2nd on the Allagash Lakes
We did them one year when the river was low.

Put in and take out at Churchill Dam. There are a lot of great campsite.

The place in that area that’s fun is PI/TO @ Umbazooksus Stream and paddle up into Black Pond, Stay on Gero Island on Chesunook Lake

For gear get some of Gil Gilpatrick’s books Allagash & The Outdoor Leaders Handbook


Cliff Jacobson is another author that has numerous books on Canoeing and camping

I recommed that you take it slow
at first and do something that involves little or no portaging and maybe spend a couple of nights in each site. Don’t bite off too much at first. Make your first trip fun, not stressful. The Allagash lakes are wonderful but they can be stressful in bad weather.

3rd or 4th Machias Lakes
I have been to both 3rd and 4th Machias Lakes up in Washington County a few times and have never been disappointed.

A few reasons I like them are the wind won’t effect your trip too much like a trip to the bigger lakes, the camping is free, the fishing on 3rd is pretty good for bass, and they had nice campsites and little activity, great lakes to begin canoe camping.
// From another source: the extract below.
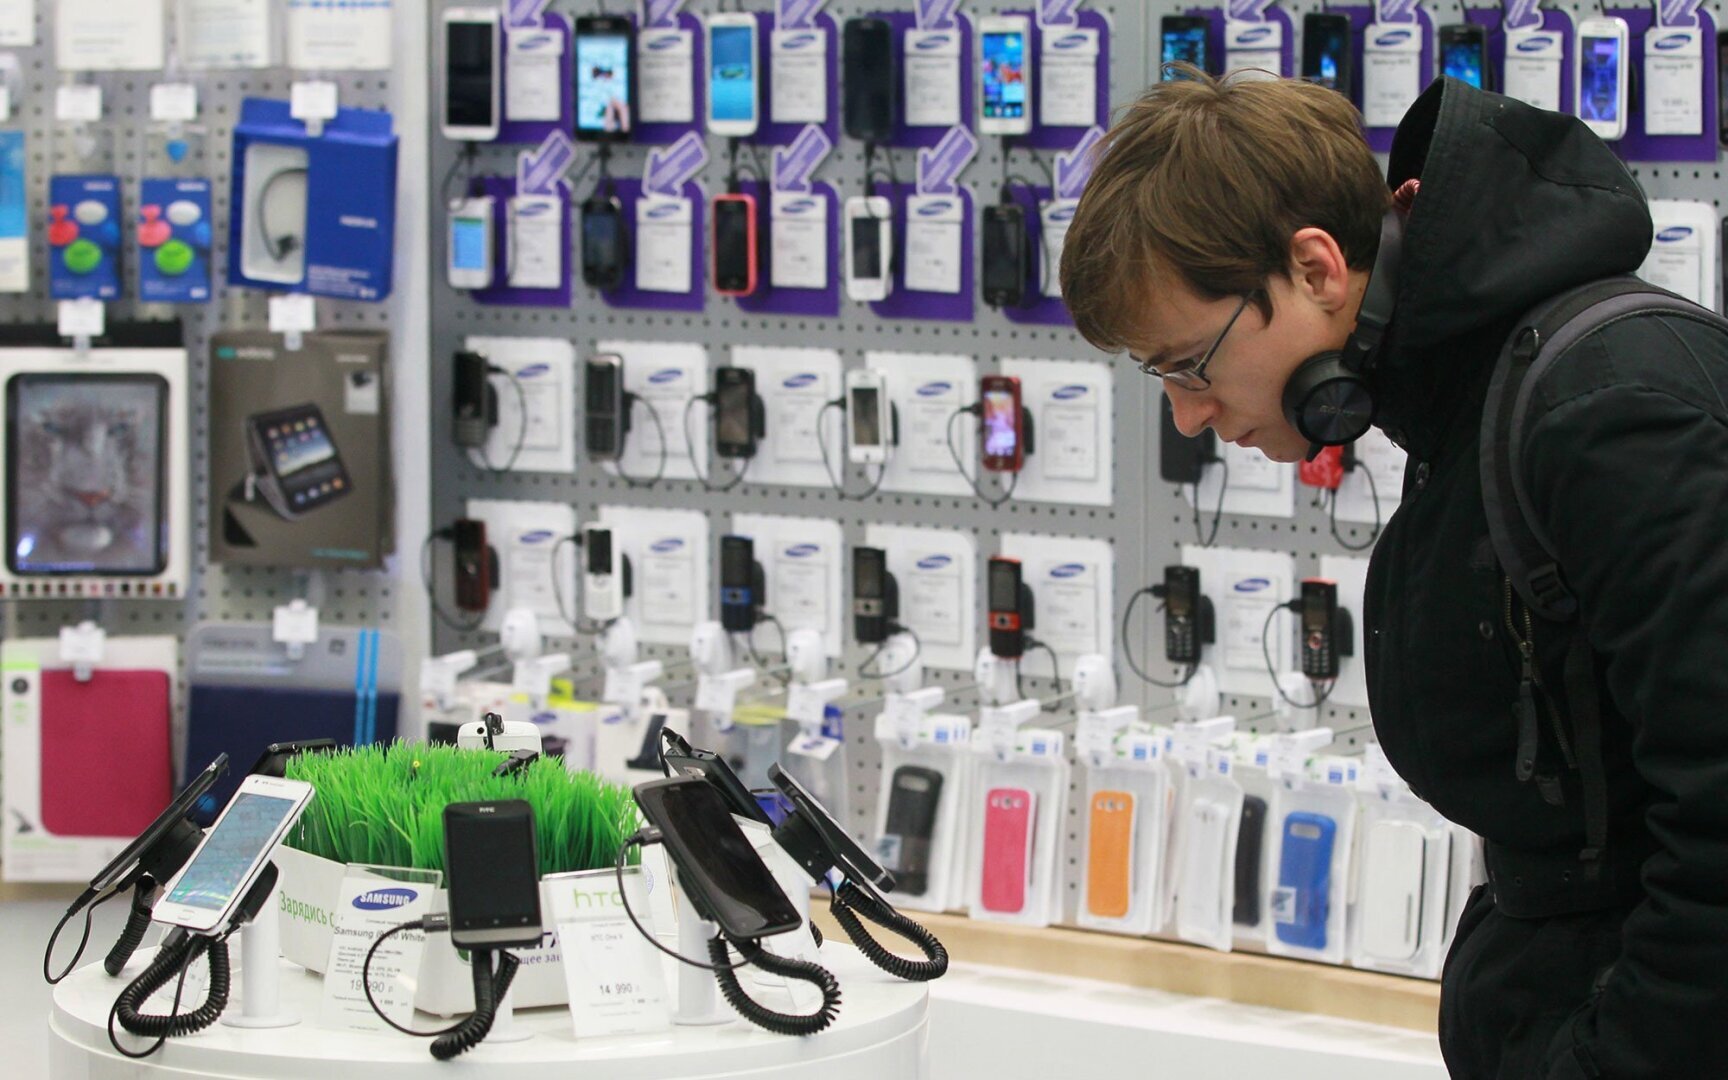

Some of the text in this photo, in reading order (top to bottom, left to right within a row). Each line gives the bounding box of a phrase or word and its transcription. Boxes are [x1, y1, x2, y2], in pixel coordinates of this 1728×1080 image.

Here’s some pictures from 3rd Machias Lk

Here’s some from 4th Machias

Flagstaff Lake is another option,(free camping) but you run the risk of being windbound or just dealing with the winds

How come no wind up there?
Those two lakes look ideal for wind.

Smaller lakes and plenty of opportunitys
to avoid the winds that the larger lakes in the area are known for.

I paddled 3rd Machias Lake in a wind that would have kept me off the bigger lakes in the Grand Lake Stream area. lots of points and coves to use to keep out of the wind from the put in to some great campsites.

One of my favorite trips
The West Branch of the Penobscot. Put in at Lobster and paddle to Lobster…spend a couple of days hiking and paddling ( its a reasonably large lake) and then go back to the Lobster Put in but continue on down the West Branch of the Penobscot to Chesuncook Village where there is now a take out.

There is one set of fun rips ( for beginners too!) at Big Island.

This is good four or five day trip with no portages. You can cheat on the Bow trip by putting in ( using a good high clearance vehicle) at Holeb and taking out at Attean Pond using a second vehicle. That negates the big portage. You still have a couple of short ones …around Holeb and Attean Falls.

I agree -

– Last Updated: May-16-14 8:43 PM EST –

I call it the Lobster trip. Lovely trip with no carries. Although the times I have done it I have spent a night on Chesuncook and taken out down at the far end of the lake at the boat launch by the Chesuncook Inn I think its called? Is that the name. Chesuncook can get hairy and you can find yourself windbound. But this is a really nice relaxing trip. Lobster can be busy with fisherman with power boats in the spring. The other nice thing about the trip is that the shuttle is short. the trip makes a big U shape and you drive across the top of the U.